Do all religions lead to God, as I am often asked? No. But more than that: not every religion promises to lead you to God. Some offer to lead you to oblivion, or to a higher state of consciousness, and some, like Islam, claim to lead you to paradise. But only one that I know of dares to claim it can lead you to God – and that’s Christianity.p129
As the book will show, the two faiths actually offer a radically different teaching. After a few well written introductory chapters where Bannister establishes the parameters of his study whilst simultaneously building up a fresh and at times quite amusing rapport with the reader, the book turns to address four key sub-questions. Bannister believes these four questions help us challenge our world views, and compare contrasting world views against one another.
- Is there a god (and what is God like)?
- Who and what are human beings?
- What is wrong with the world?
- What’s the solution?
These four questions form the structure for the body of the work, as each is answered in turn. Each chapter examines the Muslim and Christian answers with a thorough and generous treatment of both the Qur’an and the Bible.
In answering these four questions Bannister shows that not only do all religions not lead to God, even just these two claim to offer wildly different things. This reviewer was particularly struck by the discussion of God in Chapter Four: ‘Will the real God please stand up? Comparing the Bible’s and the Qur’an’s views of God.’ The God of the Bible is deeply relational, Allah is fiercely distant. Where the God of the Bible is shown to be wonderfully loving, through a short analysis of the language of love in the Qur’an, Bannister concludes (63): “The Qur’an simply has no conception of Allah offering anything remotely like an unconditional love to humanity.”
Time and again Bannister holds up the Biblical answer to his four questions against the Qur’anic answer, and displays the clear discrepancies between the two. As his argument develops the answer becomes clear: the two faiths by no means worship the same God. The book closes with an in depth look at Jesus in both holy books, once again illustrating the cavernous differences between the two, before inviting the reader to hear the Christian message in full in the final chapter.

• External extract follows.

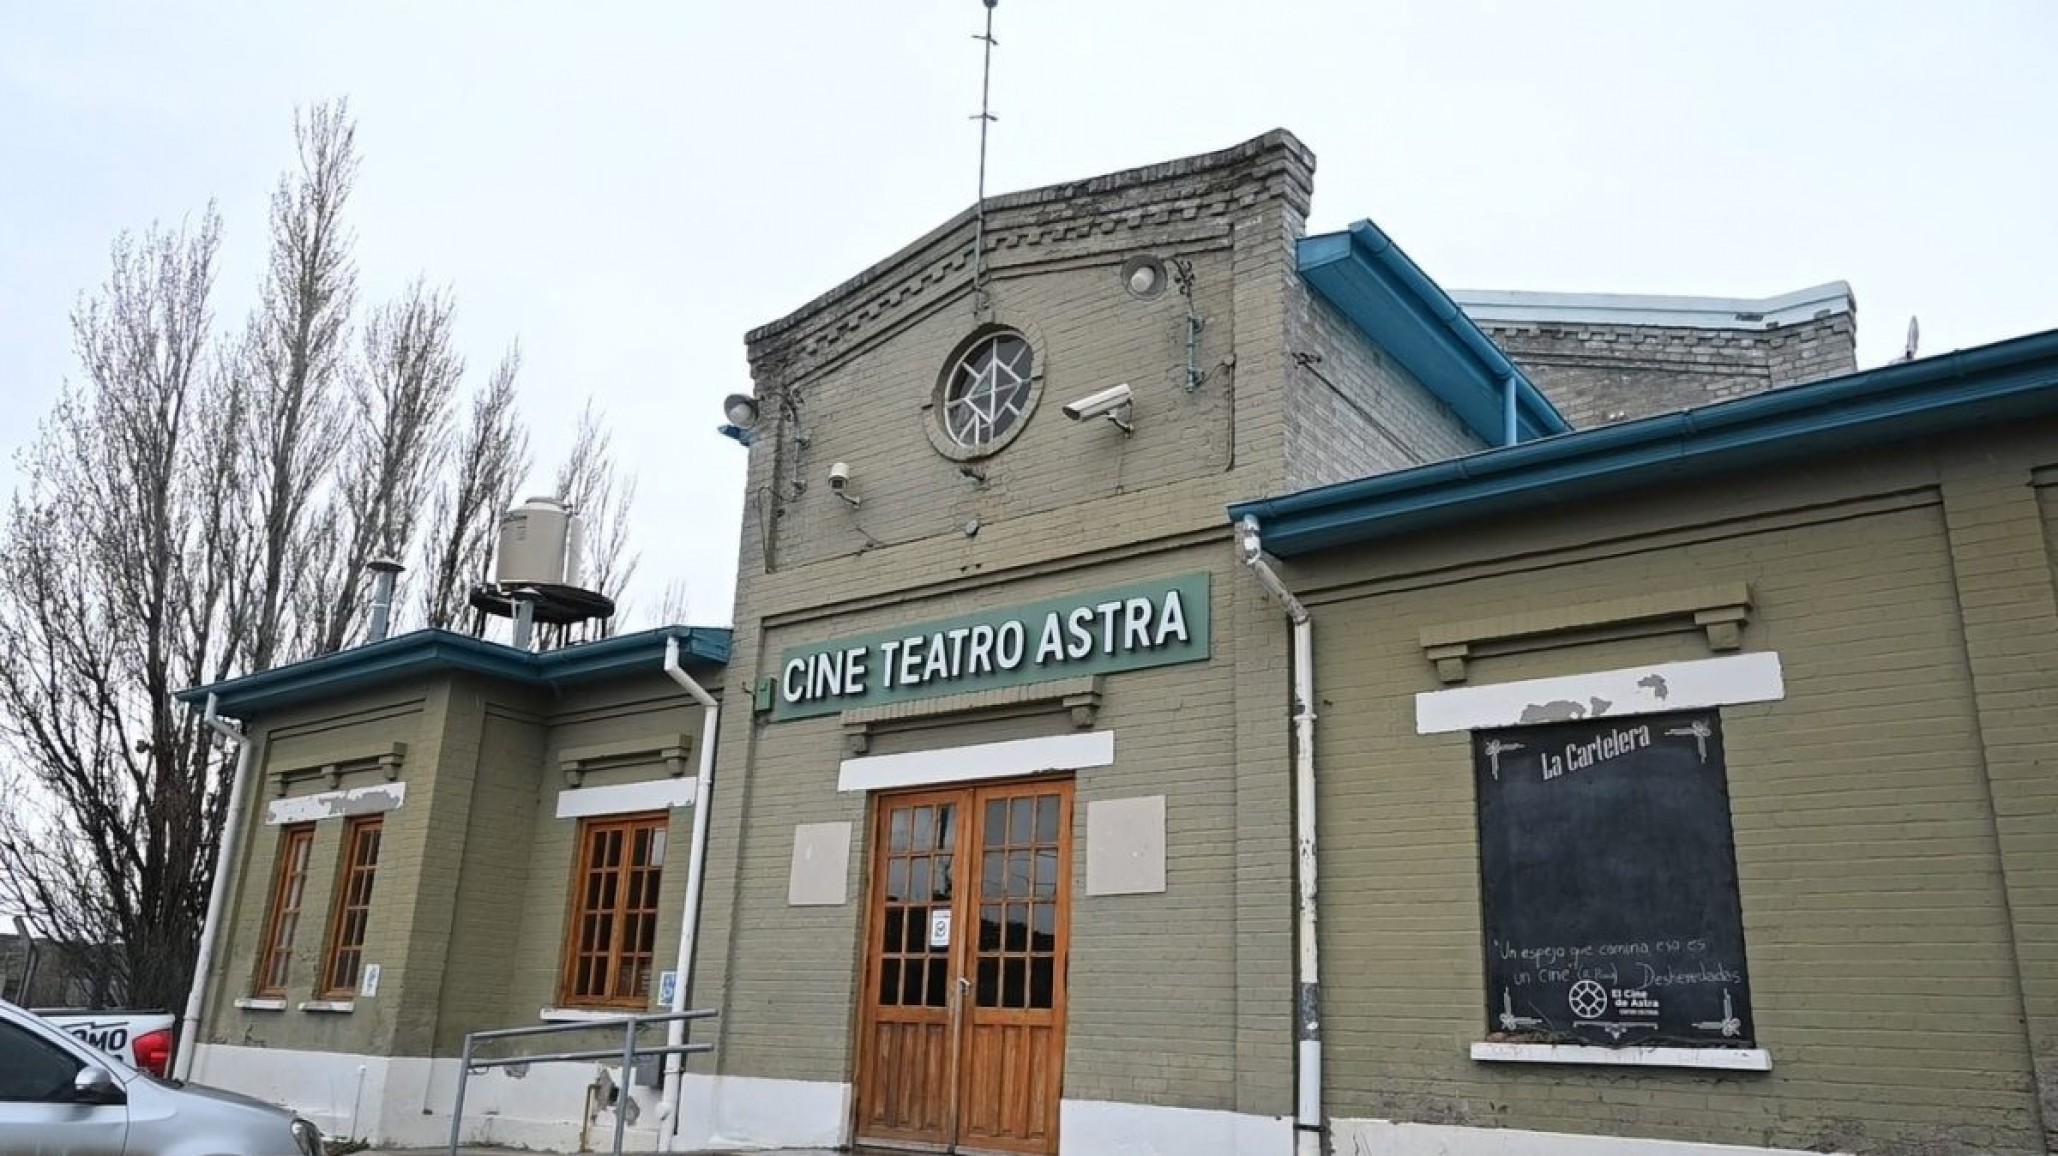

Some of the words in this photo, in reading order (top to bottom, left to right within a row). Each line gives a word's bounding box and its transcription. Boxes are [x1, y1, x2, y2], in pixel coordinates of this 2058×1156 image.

Do Muslims and Christians Worship the Same God? is a really helpful read, and this reviewer certainly learnt a lot as both sides were fairly treated by an author who clearly knows his stuff (holding, as he does, a PhD in Islamic studies.) What stood out as I read this book was the beautiful and unique simplicity of the Christian Gospel. Jesus is someone wholly different to any man who has ever lived, and the offer of salvation He holds out to a needy world is the most incredible act of gracious mercy. Bannister invites us to embrace this Jesus, the true Jesus, in his closing chapter, and this appeal poses a challenge to any reader – whether Christian or Muslim. Written in an entertaining, self-depreciating style (with most footnotes given over to jokes rather than jargon) and displaying a knowledgeable engagement with both the Bible and the Qur’an, this will be a helpful read for both interested Christian and searching Muslim.
If anything was lacking it was an engagement with the original languages of the Christian Scriptures, to match the thorough treatment of the Arabic of the Qur’an. (Understanding the nuances around this particular point I do not think the study is particularly worse off having not included this.) Overall a helpful read, and by no means a dry or academic treatment of a question that has been answered many times before. This was a fresh and warm-hearted approach, that ought to be widely read and shared.
Do Muslims and Christians Worship the Same God? is available from IVP in both paperback and audiobook formats, as well as from most other Christian retailers.